Any help would be greatly appreciated. 

Thank you

6 Replies


  • @Gorath_the_Elder wrote:

    Your GPU is less powerful than the official minimum.  You need to lower your visual quality settings and yourt screen resilution to run with that card. 

    http://gpuboss.com/gpus/GeForce-GT-8800-vs-GeForce-GT-650M


    You and your false information all over the forums just to increase your post count.   How do you even manage to figure out how to turn on your computer?  The OP's GPU is ABOVE the minimum requirement.  The minimum requirement is a GeForce GT 8800 which is quite old and the 650m is a superior card.

    Just because 8800 is a greater number than 650, does not mean which is more powerful that only goes for same-gen GPUs.  Did you even see your own link?  The 8800 is from 2008 while the 650M is from 2012 and that base model they list has 2x the VRAM.  Not to mention there is another version of it that has 2gb of VRAM --- either way it surpasses the minimum by fairly a lot.

    To the OP:

    There are several threads on this and some fixes that work for SOME people however Bioware has acknolwedged there is indeed an issue with FPS right now and they are working with NVIDIA to correct this.

    System specs are here:  http://www.dragonage.com/#!/en_US/news/pc-systems-requirements-revealed   As you can see you are above the minimum and not too far from the recommended so you should be fine.   

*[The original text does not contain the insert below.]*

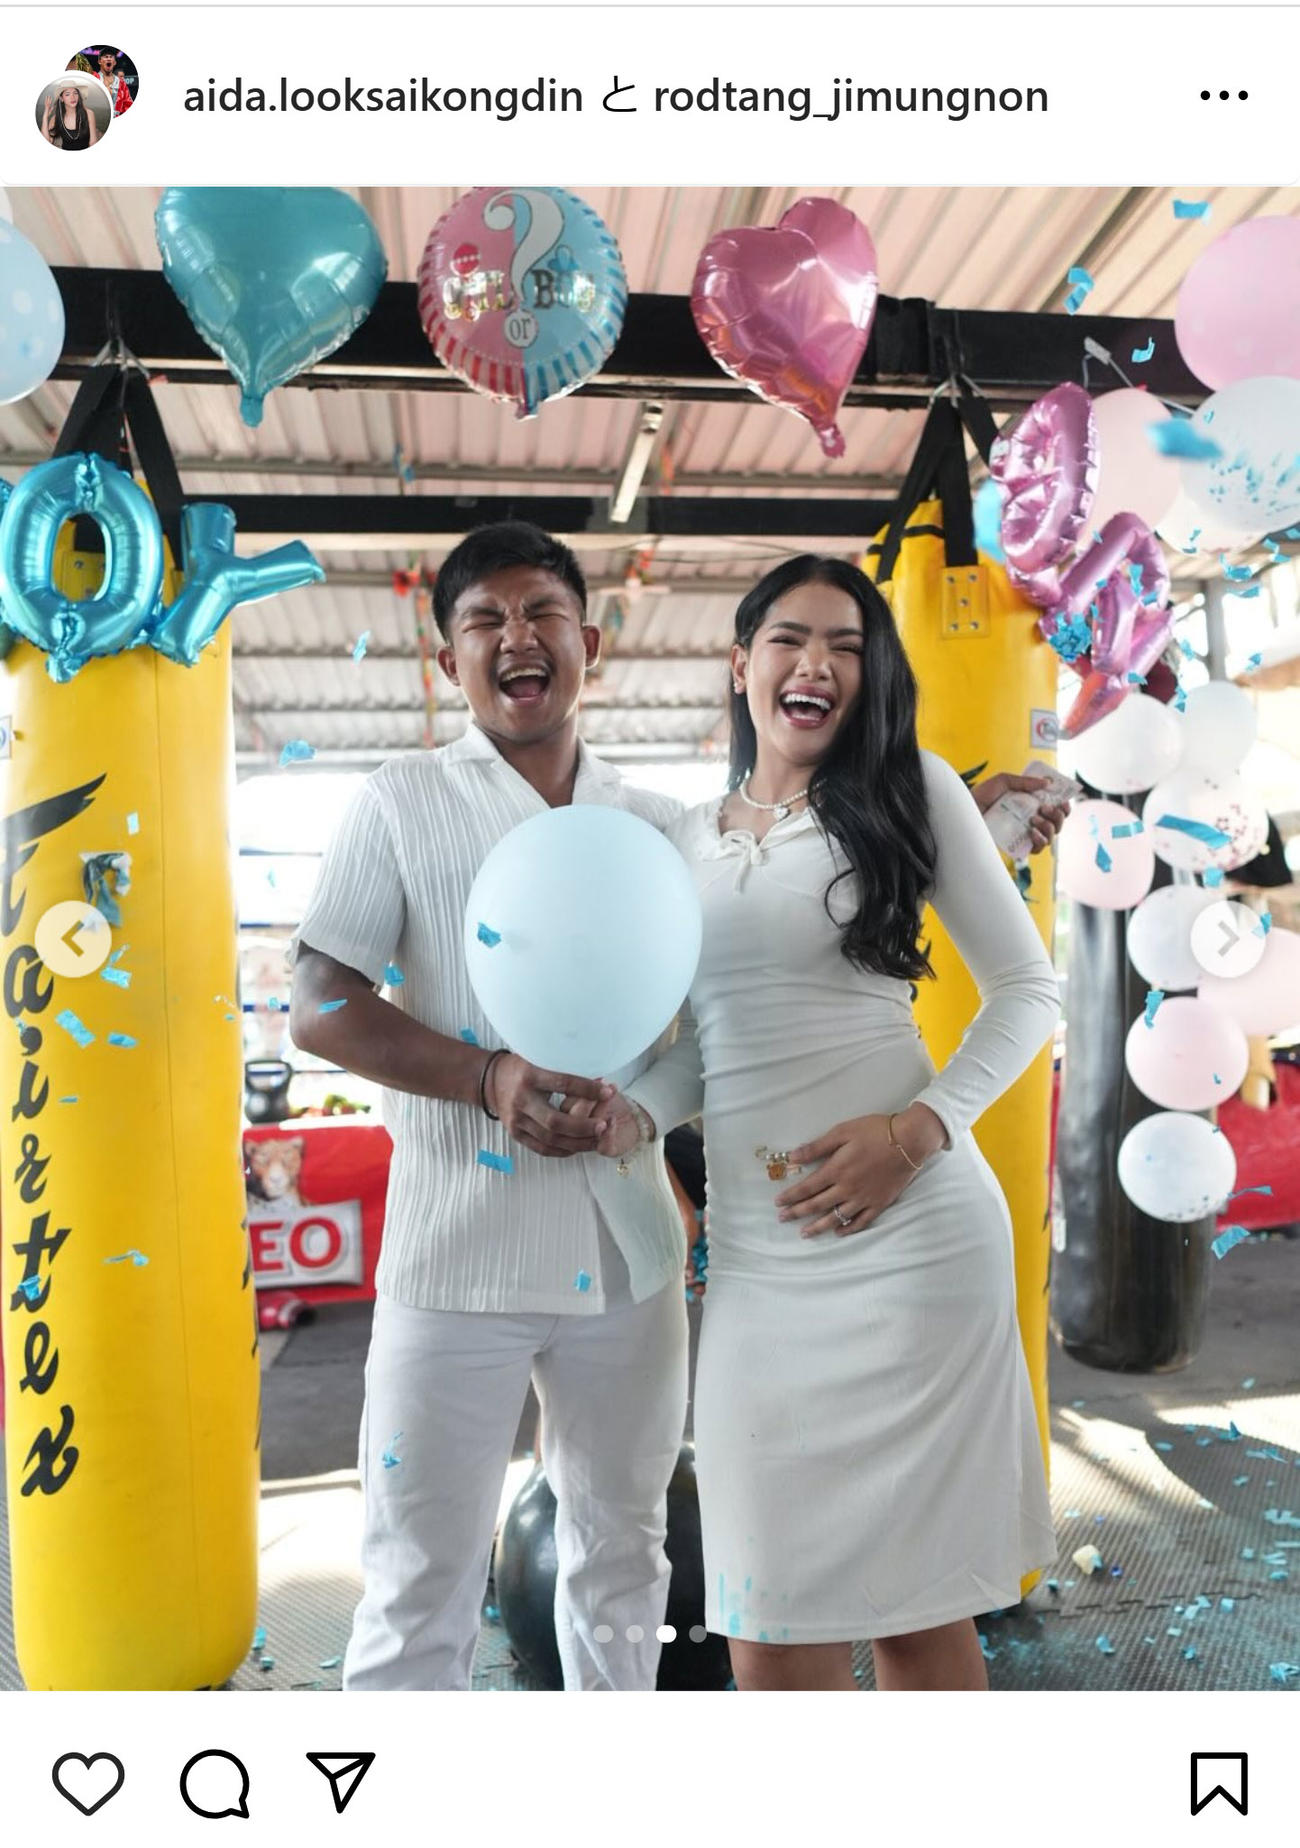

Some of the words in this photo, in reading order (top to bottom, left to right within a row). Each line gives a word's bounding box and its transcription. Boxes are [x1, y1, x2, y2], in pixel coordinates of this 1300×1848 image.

[509, 318, 530, 339] or
[0, 451, 326, 683] OY
[249, 1217, 341, 1272] EO

    What seems helpful for some people is:   Run the .exe as admin, run it in compatiability mode for Windows 7 (if you are on Windows 8.1), run it in full screen, use a program like Razer Cortex which has a built in optimizer that can help keep processes to a minimum, and toy with your settings to find a nice balance as being the best way to go about it at the moment.   Depending on some other specifics there may be other things you can do however do a search through the forums and you'll find several threads on it.

    .

  • Anonymous's avatar
    Anonymous
    11 years ago
    Approved

    OP, you should ignore the inexperienced interference there, unable to read benchmarks.  

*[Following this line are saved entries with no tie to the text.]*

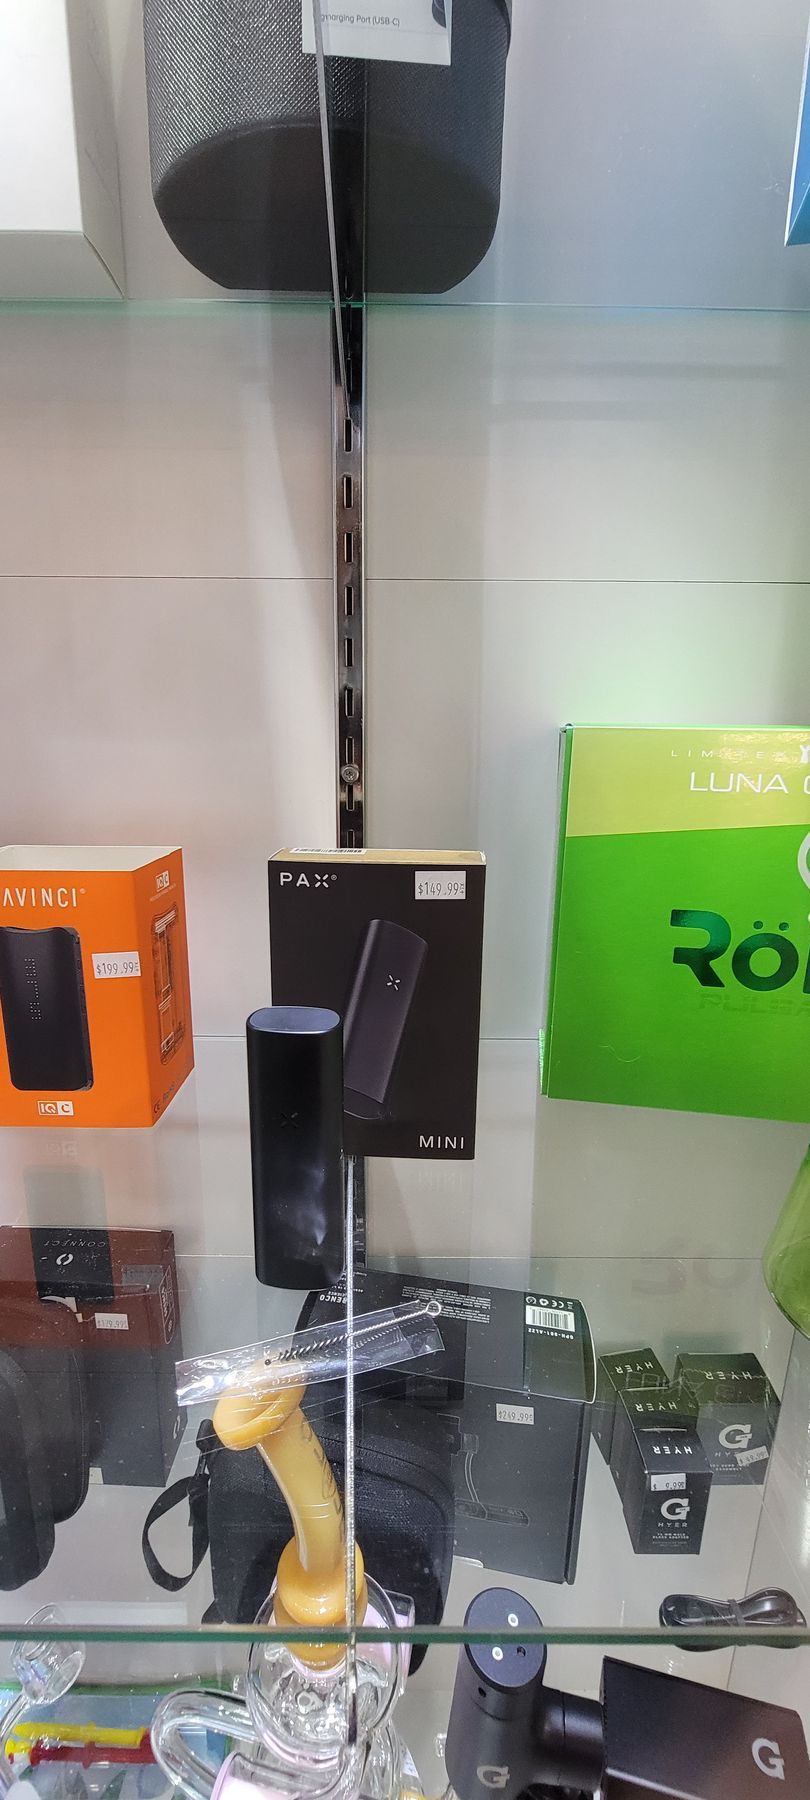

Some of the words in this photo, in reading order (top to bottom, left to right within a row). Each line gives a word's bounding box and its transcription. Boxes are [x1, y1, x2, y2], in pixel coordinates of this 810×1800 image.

[356, 15, 371, 24] Port
[690, 772, 789, 794] LUNA
[280, 872, 329, 888] PAX
[418, 882, 459, 896] $149.99
[97, 961, 134, 976] $199.99
[419, 1135, 465, 1150] MINI
[615, 1361, 654, 1374] HYER
[703, 1371, 753, 1380] HYER
[635, 1402, 678, 1412] HYER
[652, 1446, 693, 1455] HYER

  • Gorath, you don't know what you are talking about.   Stop doing a quick search and thinking you have solved it when indeed all you did was post the opposite of what the link, YOU LINKED points out.

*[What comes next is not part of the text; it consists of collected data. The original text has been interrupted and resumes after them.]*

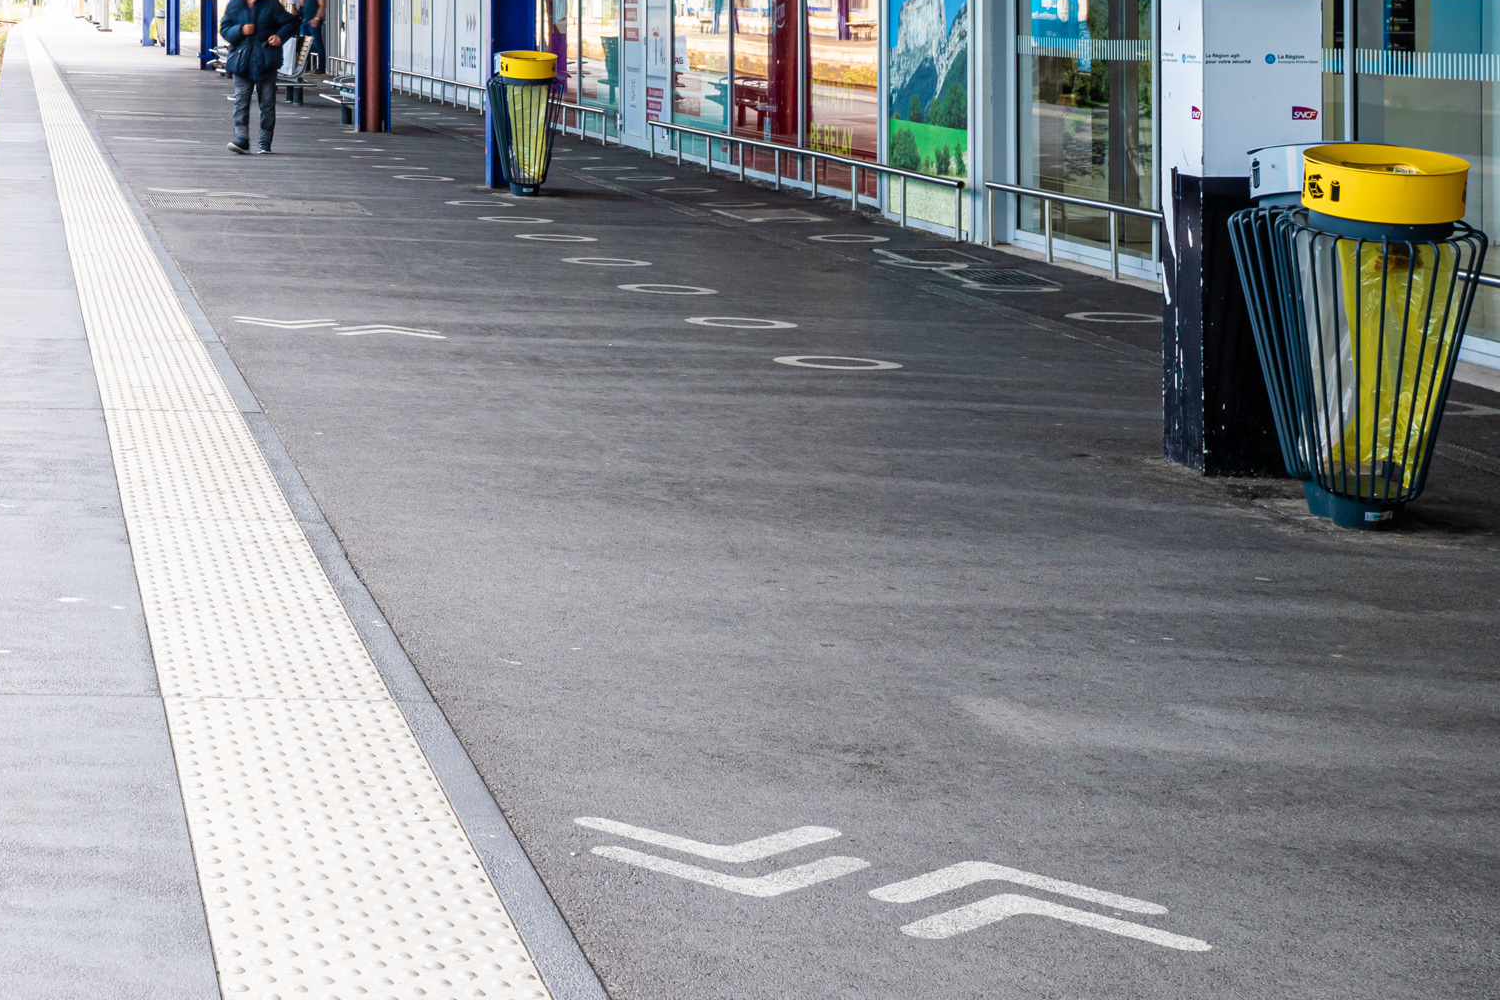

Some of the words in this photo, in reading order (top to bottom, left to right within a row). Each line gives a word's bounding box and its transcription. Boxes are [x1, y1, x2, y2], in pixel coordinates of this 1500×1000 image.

[1293, 111, 1317, 119] SNCF
[810, 122, 821, 151] BE
[824, 124, 854, 157] RELAY
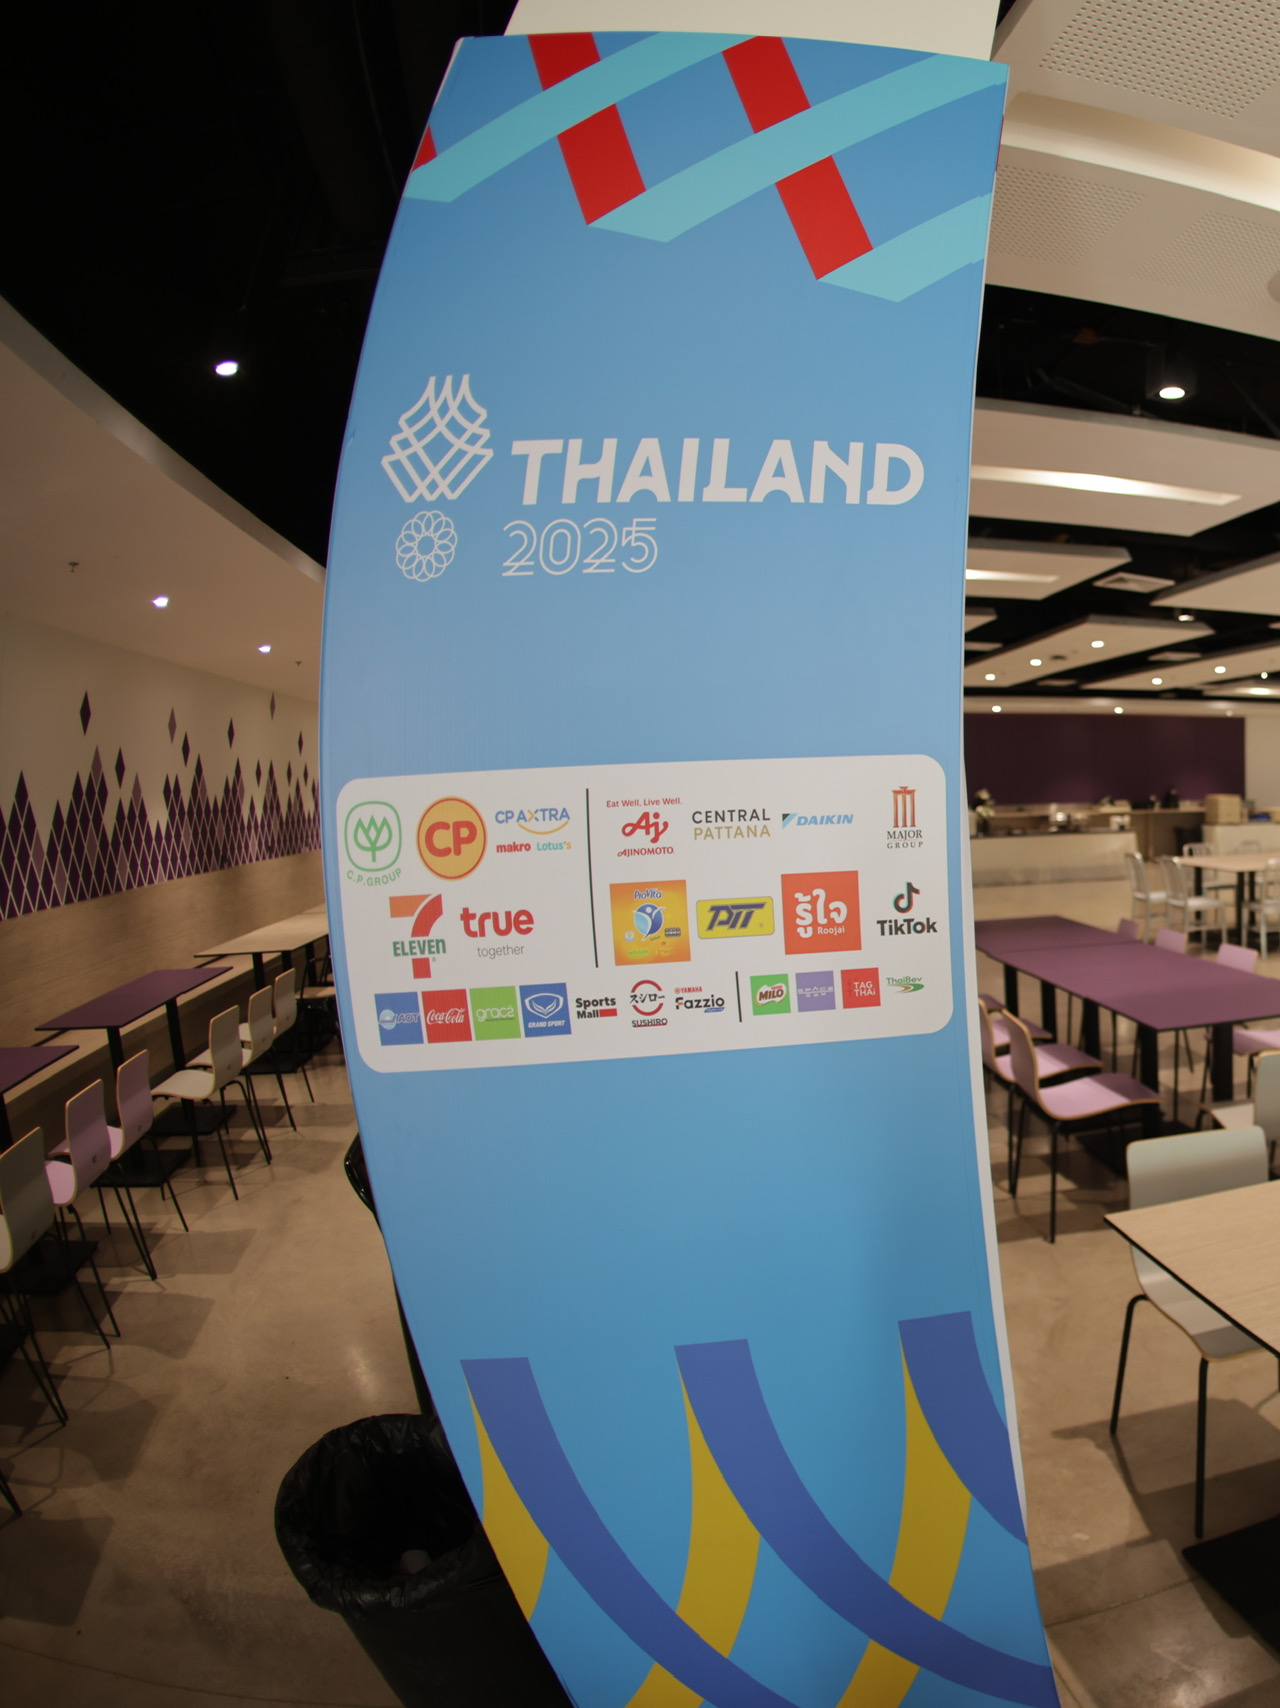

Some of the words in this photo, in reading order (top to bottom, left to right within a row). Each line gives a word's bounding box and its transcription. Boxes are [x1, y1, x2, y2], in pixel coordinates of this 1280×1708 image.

[511, 437, 925, 506] THAILAND
[502, 517, 658, 577] 2025
[606, 800, 619, 808] Eat
[643, 798, 660, 806] Live
[662, 797, 682, 805] Well.
[495, 810, 514, 824] CP
[516, 807, 570, 823] AXTRA
[692, 808, 771, 824] CENTRAL
[796, 814, 854, 826] DAIKIN
[424, 820, 478, 857] CP
[693, 825, 771, 841] PATTANA
[886, 829, 923, 841] MAJOR
[496, 841, 531, 853] makro
[537, 841, 572, 851] Lotus's
[617, 846, 674, 857] AJINOMOTO
[887, 841, 923, 849] GROUP
[705, 902, 767, 932] PTT
[794, 888, 848, 939] รู้ใจ
[460, 907, 534, 938] true
[876, 918, 938, 936] TikTok
[389, 893, 443, 978] 7
[817, 926, 846, 936] Roojai
[477, 944, 525, 959] together
[853, 981, 873, 989] TAG
[885, 976, 923, 985] ThaiBev
[630, 993, 666, 1004] スシロー
[759, 989, 784, 1001] MILO
[575, 996, 616, 1010] Sports
[675, 995, 725, 1010] Fazzio
[577, 1009, 599, 1019] Mall
[547, 1020, 565, 1028] SPORT
[632, 1018, 668, 1027] SUSHIRO

    OP look for yourself.  Gorath has no clue what he's talking about and spends more time on the forums than actually tweaking systems for gaming.  🙂

  • Kelrycor's avatar
    Kelrycor
    11 years ago

    NonyoBizness, Gorath may not be so utterly wrong as you may think.

    The worst problem is the most laptop owner think they might have a gaming machine... they absolutely don't have - never ever.

    No  laptop is capable of performing well if the game demands power and lots of functions of the graphic unit. It is a sad truth and I always hear complaints from many laptop owners trying to play actual games (perfomance, crashes, lags)

    This is because:

    * laptops always lacking the ability to cool down the graphic card/housing efficently

    * decreased pixel pipelines and shader functions on the mobile graphic cards built in narrow laptop housings

    * not so well balanced drivers/game code due to not so broad or relevant customer base

    3qfds may have all the problems at once. The model "650M" shows exactly that he has a low end 600-er series with a "M"obile modification. Even if this graphic card is virtually capable of bringing enough power for minimum requirements, heat and also missing core functions is slowing everything horribly down. More than a comparable GT 650 for desktop PC would usually would do.

    Sorry, 3qfds, I can't give a solution for that other than not to rely on laptops for gaming.

    Try to set every graphic settings to minimum. Try to update all relevant drivers. Hope that NVIDIA will deliver a proper driver soon. Hope that EA will fix there game code that it might run a little better with mobile graphic cards.

  • Anonymous's avatar
    Anonymous
    11 years ago
    Approved

    Having started playing electronic games on desktop computers before animation was adapted to that platform, 36 years ago, and having begun building computers slightly fewer years ago, in 1987 (27 years ago, I believe),  my experience goes back farther than the age of the average participant here.  The kibitizer is merely woefuly inexperienced.